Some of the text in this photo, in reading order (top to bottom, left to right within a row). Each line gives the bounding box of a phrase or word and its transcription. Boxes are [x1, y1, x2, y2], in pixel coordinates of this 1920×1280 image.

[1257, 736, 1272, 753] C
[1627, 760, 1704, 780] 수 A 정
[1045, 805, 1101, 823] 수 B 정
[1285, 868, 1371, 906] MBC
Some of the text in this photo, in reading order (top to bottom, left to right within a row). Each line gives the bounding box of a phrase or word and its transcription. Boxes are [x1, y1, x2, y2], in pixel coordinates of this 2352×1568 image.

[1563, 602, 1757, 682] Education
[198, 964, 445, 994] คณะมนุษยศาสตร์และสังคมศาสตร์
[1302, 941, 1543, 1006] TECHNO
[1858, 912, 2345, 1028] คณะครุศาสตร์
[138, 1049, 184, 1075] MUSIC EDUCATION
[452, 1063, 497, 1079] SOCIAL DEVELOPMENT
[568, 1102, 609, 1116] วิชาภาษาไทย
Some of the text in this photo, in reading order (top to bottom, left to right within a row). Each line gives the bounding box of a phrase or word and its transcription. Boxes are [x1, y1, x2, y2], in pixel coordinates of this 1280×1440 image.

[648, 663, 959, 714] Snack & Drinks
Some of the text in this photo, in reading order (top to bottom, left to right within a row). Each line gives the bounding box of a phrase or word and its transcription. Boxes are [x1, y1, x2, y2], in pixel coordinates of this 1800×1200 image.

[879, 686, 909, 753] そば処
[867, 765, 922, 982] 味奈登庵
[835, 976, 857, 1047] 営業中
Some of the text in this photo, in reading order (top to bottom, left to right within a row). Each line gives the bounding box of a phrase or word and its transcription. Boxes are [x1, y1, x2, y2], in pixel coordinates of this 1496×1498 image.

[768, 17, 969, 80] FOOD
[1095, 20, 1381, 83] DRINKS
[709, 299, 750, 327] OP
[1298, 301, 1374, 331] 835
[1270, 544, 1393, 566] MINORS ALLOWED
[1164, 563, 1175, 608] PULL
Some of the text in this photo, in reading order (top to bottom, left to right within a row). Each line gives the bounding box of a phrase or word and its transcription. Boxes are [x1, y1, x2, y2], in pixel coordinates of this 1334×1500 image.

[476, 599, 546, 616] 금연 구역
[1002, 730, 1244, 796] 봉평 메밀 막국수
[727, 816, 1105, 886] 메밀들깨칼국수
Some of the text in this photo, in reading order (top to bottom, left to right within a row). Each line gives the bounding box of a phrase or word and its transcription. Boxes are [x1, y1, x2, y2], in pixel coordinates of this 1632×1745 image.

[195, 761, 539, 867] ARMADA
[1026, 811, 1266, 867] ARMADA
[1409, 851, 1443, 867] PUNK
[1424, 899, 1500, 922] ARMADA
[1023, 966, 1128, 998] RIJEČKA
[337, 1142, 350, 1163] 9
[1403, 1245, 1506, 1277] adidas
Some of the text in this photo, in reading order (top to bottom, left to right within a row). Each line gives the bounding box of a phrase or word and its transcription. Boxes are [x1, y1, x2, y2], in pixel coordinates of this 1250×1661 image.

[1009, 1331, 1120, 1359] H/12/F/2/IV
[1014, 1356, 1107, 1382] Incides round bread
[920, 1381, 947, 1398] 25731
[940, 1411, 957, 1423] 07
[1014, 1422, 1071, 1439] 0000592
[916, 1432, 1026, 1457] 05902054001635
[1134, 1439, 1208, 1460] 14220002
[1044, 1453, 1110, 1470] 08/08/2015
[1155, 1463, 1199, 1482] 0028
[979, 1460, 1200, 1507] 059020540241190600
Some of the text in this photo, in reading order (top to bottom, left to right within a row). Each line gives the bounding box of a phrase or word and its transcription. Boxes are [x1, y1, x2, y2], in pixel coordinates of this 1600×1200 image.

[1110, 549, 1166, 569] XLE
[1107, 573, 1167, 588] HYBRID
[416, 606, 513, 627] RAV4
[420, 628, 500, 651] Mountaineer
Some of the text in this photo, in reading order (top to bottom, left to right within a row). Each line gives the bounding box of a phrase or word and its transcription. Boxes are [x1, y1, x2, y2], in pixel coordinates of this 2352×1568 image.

****

• **Task instructions**
Return exactly the lines of the listing that run from the one containing "this 1334×1500 image." through the last, and no others.

• **Reply**
Some of the text in this photo, in reading order (top to bottom, left to right within a row). Each line gives the bounding box of a phrase or word and its transcription. Boxes are [x1, y1, x2, y2], in pixel coordinates of this 1334×1500 image.

[476, 599, 546, 616] 금연 구역
[1002, 730, 1244, 796] 봉평 메밀 막국수
[727, 816, 1105, 886] 메밀들깨칼국수
Some of the text in this photo, in reading order (top to bottom, left to right within a row). Each line gives the bounding box of a phrase or word and its transcription. Boxes are [x1, y1, x2, y2], in pixel coordinates of this 1632×1745 image.

[195, 761, 539, 867] ARMADA
[1026, 811, 1266, 867] ARMADA
[1409, 851, 1443, 867] PUNK
[1424, 899, 1500, 922] ARMADA
[1023, 966, 1128, 998] RIJEČKA
[337, 1142, 350, 1163] 9
[1403, 1245, 1506, 1277] adidas
Some of the text in this photo, in reading order (top to bottom, left to right within a row). Each line gives the bounding box of a phrase or word and its transcription. Boxes are [x1, y1, x2, y2], in pixel coordinates of this 1250×1661 image.

[1009, 1331, 1120, 1359] H/12/F/2/IV
[1014, 1356, 1107, 1382] Incides round bread
[920, 1381, 947, 1398] 25731
[940, 1411, 957, 1423] 07
[1014, 1422, 1071, 1439] 0000592
[916, 1432, 1026, 1457] 05902054001635
[1134, 1439, 1208, 1460] 14220002
[1044, 1453, 1110, 1470] 08/08/2015
[1155, 1463, 1199, 1482] 0028
[979, 1460, 1200, 1507] 059020540241190600
Some of the text in this photo, in reading order (top to bottom, left to right within a row). Each line gives the bounding box of a phrase or word and its transcription. Boxes are [x1, y1, x2, y2], in pixel coordinates of this 1600×1200 image.

[1110, 549, 1166, 569] XLE
[1107, 573, 1167, 588] HYBRID
[416, 606, 513, 627] RAV4
[420, 628, 500, 651] Mountaineer
Some of the text in this photo, in reading order (top to bottom, left to right within a row). Each line gives the bounding box of a phrase or word and its transcription. Boxes are [x1, y1, x2, y2], in pixel coordinates of this 2352×1568 image.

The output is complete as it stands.